Because it is usually so stable, non-respiratory mortality is a useful way of showing that the ongoing excess mortality currently being experienced in the U.K. is unprecedented and unrelated to normal seasonal variation. It also shows that it has been happening ever since Covid vaccinations began in earnest in early 2021.
Respiratory disease (which is largely seasonal) is the largest component of variability in mortality statistics during the normal course of events. This means we can be justified in grouping all other mortality events together and terming them ‘core mortality’, regarding them as perhaps a better marker of the nation’s overall health. This is especially useful for the purposes of analysing the pandemic years, because Covid has replaced other respiratory diseases to some extent in the mortality statistics.
Looking at the pre-Covid data from 2015 -2019 it is possible to subtract the data for all respiratory disease (ICD code 10 J00-99), and arrive at a figure for non-respiratory mortality (NRM) for each week of the year. An average for the five pre-Covid years can then be calculated and compared with each individual year. Note we use the pre-Covid average as a baseline to avoid the unusual mortality of the pandemic years. (All data from the ONS.)

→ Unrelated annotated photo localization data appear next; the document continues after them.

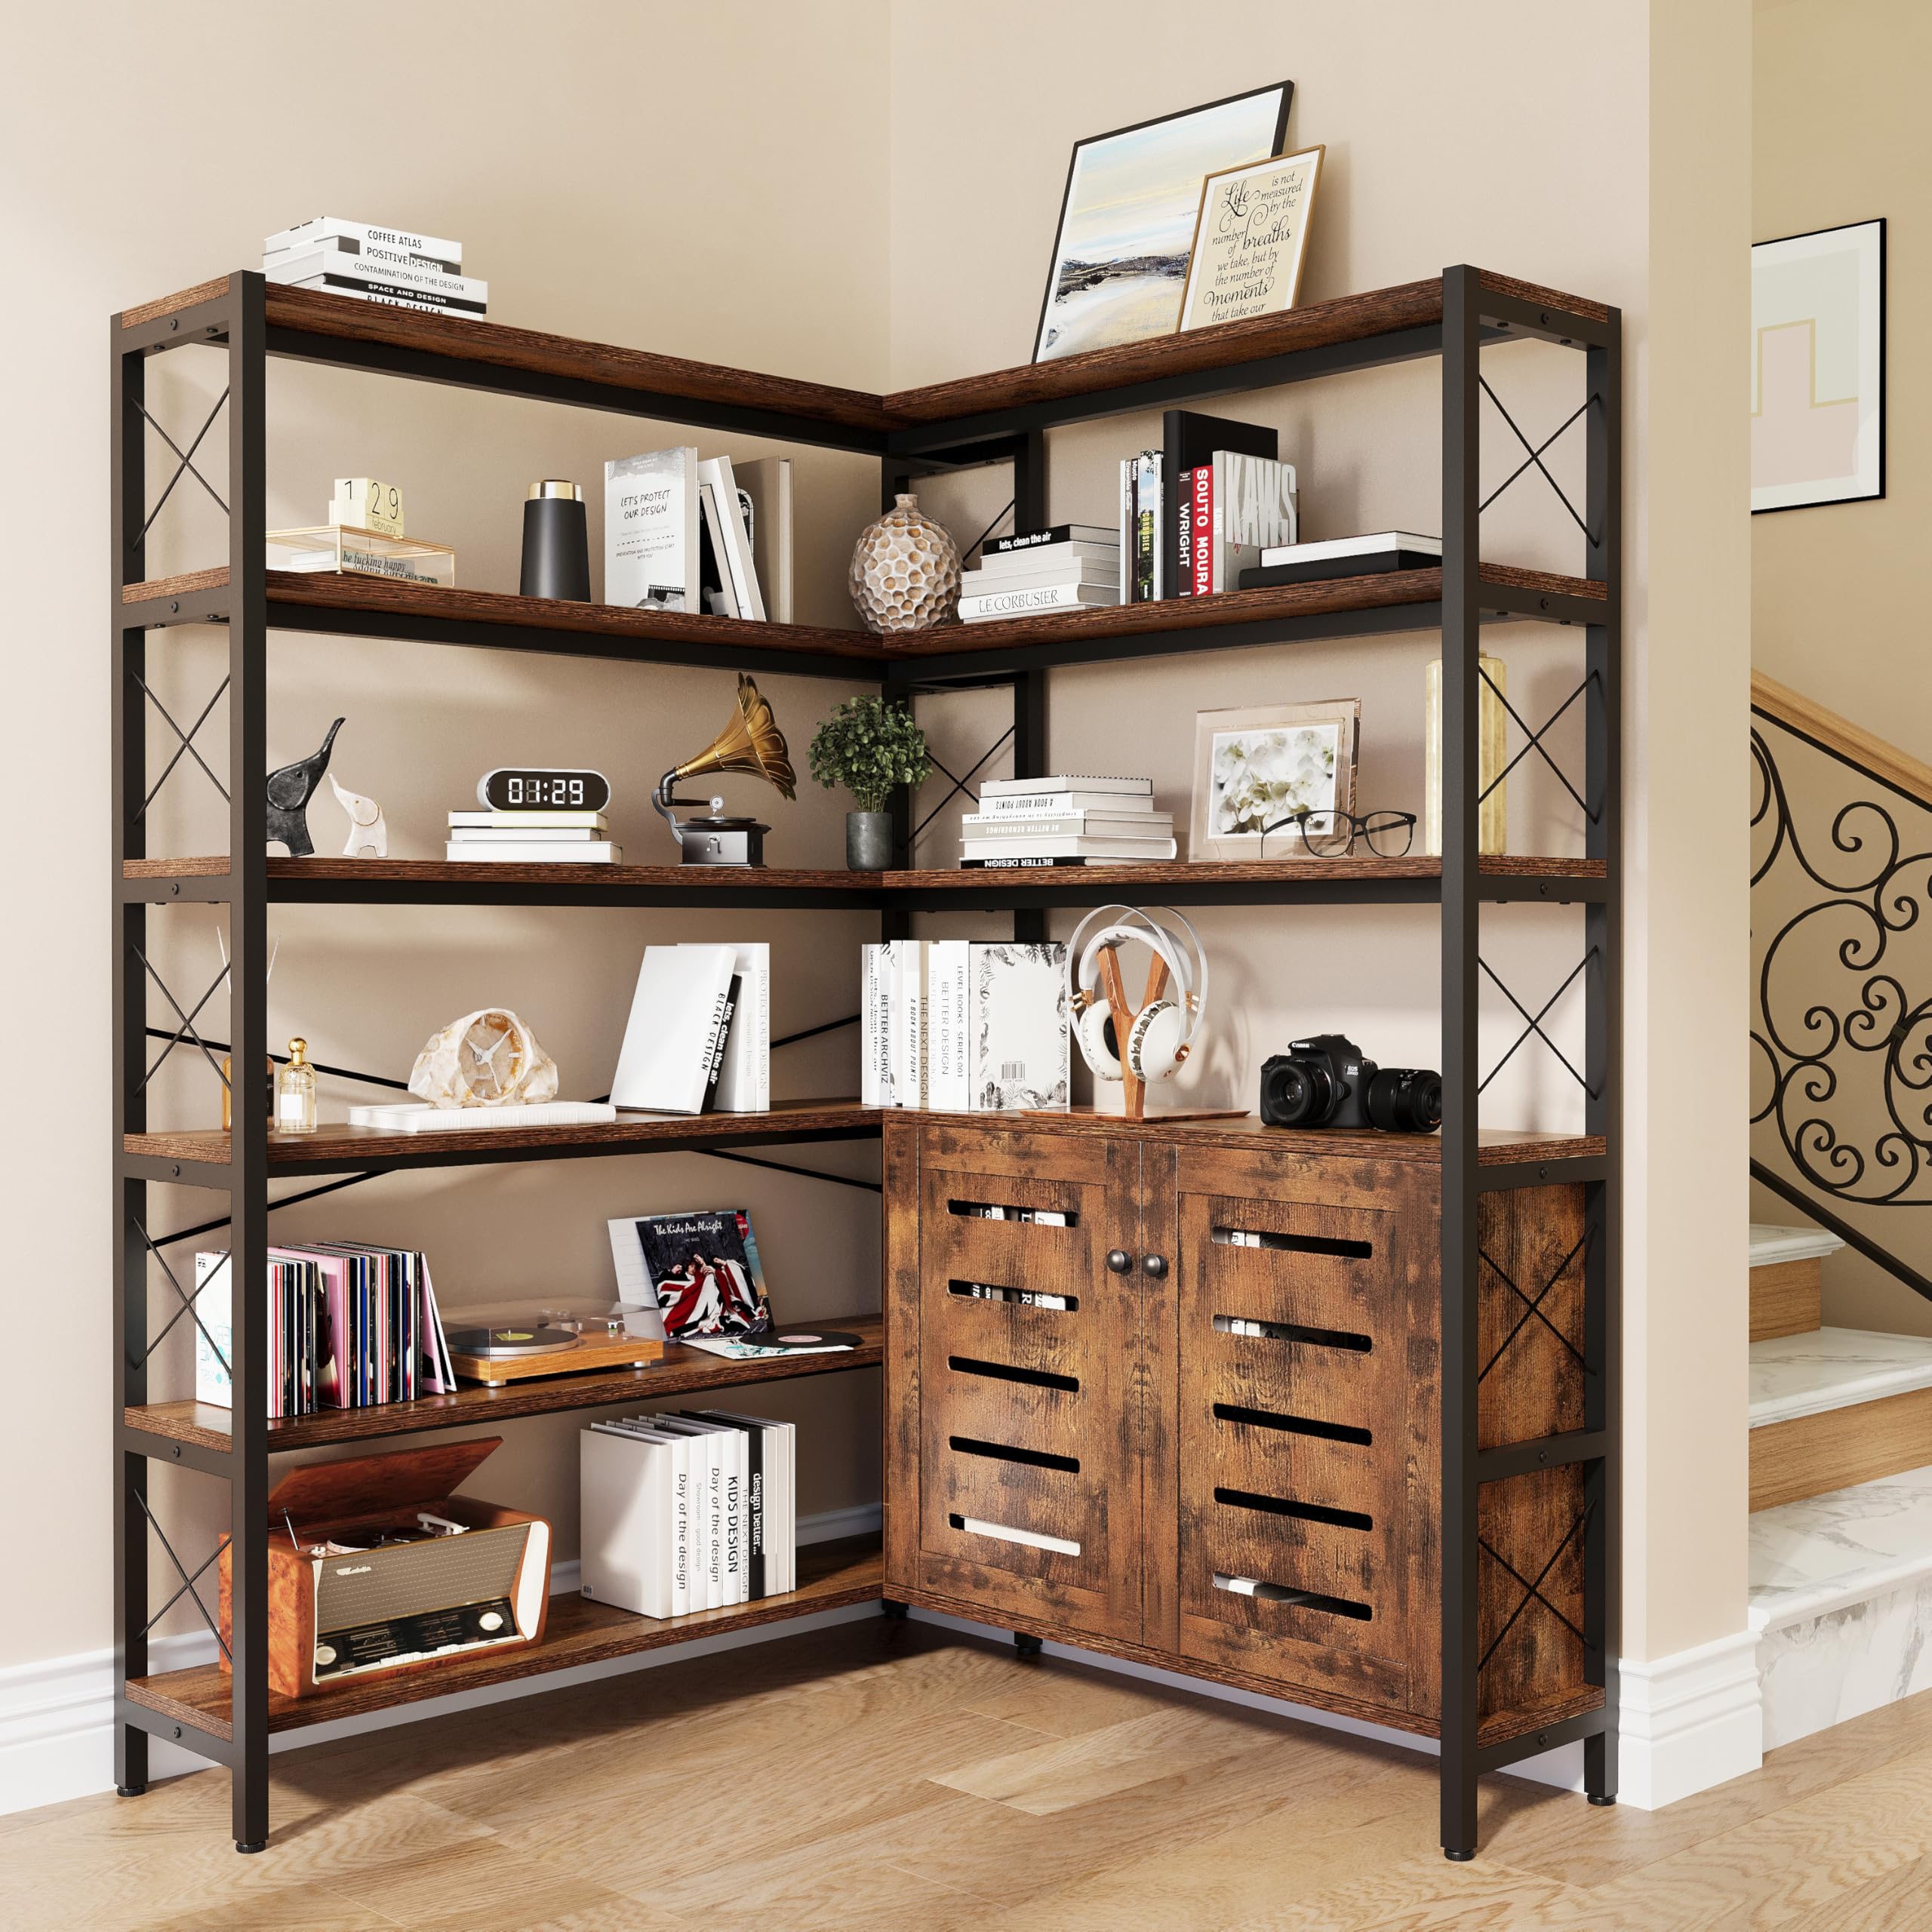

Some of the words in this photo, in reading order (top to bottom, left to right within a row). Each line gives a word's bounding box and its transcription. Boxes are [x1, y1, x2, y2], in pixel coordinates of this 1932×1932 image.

[1261, 179, 1303, 201] measured
[1272, 176, 1279, 186] is
[1280, 171, 1296, 184] not
[1269, 202, 1281, 216] by
[1282, 198, 1297, 210] the
[368, 229, 396, 244] COFFEE
[398, 235, 423, 249] ATLAS
[1212, 229, 1245, 246] number
[1227, 240, 1240, 259] of
[1243, 205, 1292, 251] breaths
[367, 247, 408, 265] POSITIVE
[410, 257, 443, 272] DESIGN
[1217, 260, 1229, 272] we
[1229, 254, 1250, 270] take,
[1252, 251, 1267, 264] but
[1269, 248, 1280, 264] by
[354, 263, 413, 281] CONTAMINATION
[414, 275, 423, 283] OF
[425, 276, 438, 286] THE
[438, 280, 464, 291] DESIGN
[1215, 275, 1229, 287] the
[1229, 266, 1264, 283] number
[1265, 261, 1275, 279] of
[368, 283, 395, 294] SPACE
[396, 289, 414, 297] AND
[417, 294, 447, 303] DESIGN
[1211, 308, 1230, 322] that
[1231, 304, 1249, 318] take
[1250, 302, 1266, 313] our
[344, 480, 352, 500] 1
[640, 489, 671, 504] PROTECT
[1196, 469, 1209, 528] SOUTO
[1225, 453, 1297, 548] KAWS
[624, 509, 639, 519] OUR
[641, 502, 667, 516] DESIGN
[1214, 507, 1223, 535] KAWS
[373, 516, 397, 535] february
[1180, 503, 1190, 568] WRIGHT
[998, 540, 1013, 551] lets,
[1013, 535, 1030, 547] clean
[1030, 533, 1041, 544] the
[1041, 531, 1052, 541] air
[343, 550, 352, 562] be
[354, 552, 382, 568] fucking
[383, 557, 406, 572] happy
[1196, 537, 1209, 595] MOURA
[979, 598, 992, 613] LE
[994, 589, 1060, 611] CORBUSIER
[508, 778, 583, 804] 01:29
[1050, 798, 1054, 807] A
[995, 800, 1014, 810] POINTS
[1016, 799, 1032, 808] ABOUT
[1034, 798, 1048, 808] BOOK
[984, 859, 1019, 868] DESIGN
[1021, 858, 1054, 867] BETTER
[712, 992, 726, 1026] BLACK
[722, 1001, 734, 1023] lets,
[920, 995, 928, 1018] THE
[941, 982, 949, 1025] BETTER
[717, 1024, 728, 1050] clean
[920, 1022, 928, 1052] NEXT
[701, 1032, 716, 1071] DESIGN
[712, 1051, 723, 1069] the
[941, 1029, 949, 1075] DESIGN
[709, 1070, 718, 1084] air
[920, 1057, 928, 1100] DESIGN
[654, 1224, 666, 1235] The
[666, 1223, 685, 1235] Kids
[685, 1221, 697, 1233] Are
[697, 1220, 723, 1234] Alright
[676, 1474, 687, 1498] Day
[709, 1468, 719, 1494] Day
[749, 1472, 762, 1511] design
[712, 1497, 718, 1511] of
[728, 1475, 738, 1512] KIDS
[679, 1503, 685, 1515] of
[712, 1513, 720, 1536] the
[752, 1512, 762, 1555] better...
[728, 1515, 738, 1573] DESIGN
[676, 1544, 686, 1590] design
[709, 1539, 719, 1583] design

Here are the charts for those six years, 2015-2020, which demonstrate the relative stability of NRM statistics.
The large spike in non-respiratory mortality during weeks 14-18 of 2020 (the first five weeks of the pandemic), which resulted in 11,817 non-respiratory excess deaths compared to the 2015-2019 average, is likely a result of Covid death counting errors plus some deaths due to pandemic interventions (withdrawal of treatment, neglect, isolation etc.), as the rest of the year proceeds completely normally.
Turning to 2021 when the vaccination rollout began, the situation with non-respiratory mortality begins to change to a very erratic pattern from week 10, and then starts to show a steady increase above normal pre-Covid patterns in the latter half of the year.

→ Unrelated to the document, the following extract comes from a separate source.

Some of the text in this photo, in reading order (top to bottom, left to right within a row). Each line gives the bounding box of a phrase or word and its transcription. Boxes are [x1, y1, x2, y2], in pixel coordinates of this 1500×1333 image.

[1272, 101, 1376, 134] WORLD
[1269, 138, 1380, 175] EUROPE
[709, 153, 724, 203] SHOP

This trend then continues into 2022, with a gradually increasing excess above the pre-Covid average developing as the spring and then autumn booster campaigns are rolled out.

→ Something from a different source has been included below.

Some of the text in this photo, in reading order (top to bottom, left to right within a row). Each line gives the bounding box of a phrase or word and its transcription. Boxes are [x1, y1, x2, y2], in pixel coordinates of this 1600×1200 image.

There is one more significant factor to take account of, namely mortality displacement, as I have mentioned in previous posts. Overall mortality in 2020 was 81,478 above the five-year pre-Covid average, and in 2021 there was a further excess mortality of 53,263.
2022 is projected to end with another 42,500 excess deaths. All this excess mortality puts downward pressure on subsequent mortality statistics as it brings deaths forwards, especially because of the concentration of excess deaths during the pandemic on the elderly cohort of the population, when the average age of death has been around 83 years old.
In order to correct for this displacement, the actual mortality figures have to be revised upwards by a displacement factor of approximately 9% of the excess mortality per year, to allow accurate comparison of the mortality statistics with previous years. Doing this for the three years of the pandemic, the revised charts look like this.
Note that as the population as a whole ages, more deaths are expected each year so mortality statistics are ideally altered to reflect this trend, i.e., are age-adjusted. However the acceleration of untimely deaths of the oldest part of the population during the pandemic has significantly changed the median age of the population so this may be unnecessary.
Putting all three years together on one chart and condensing the data to four weekly aggregate figures to smooth out weekly fluctuations in the statistics, it is easy to see how the problem with excess non-respiratory ‘core’ mortality has been growing since 2021, rather than receding. 2021 shows a 3.72% increase and 2022 is projected to show a 10.0% increase. To state the obvious, this is not normal.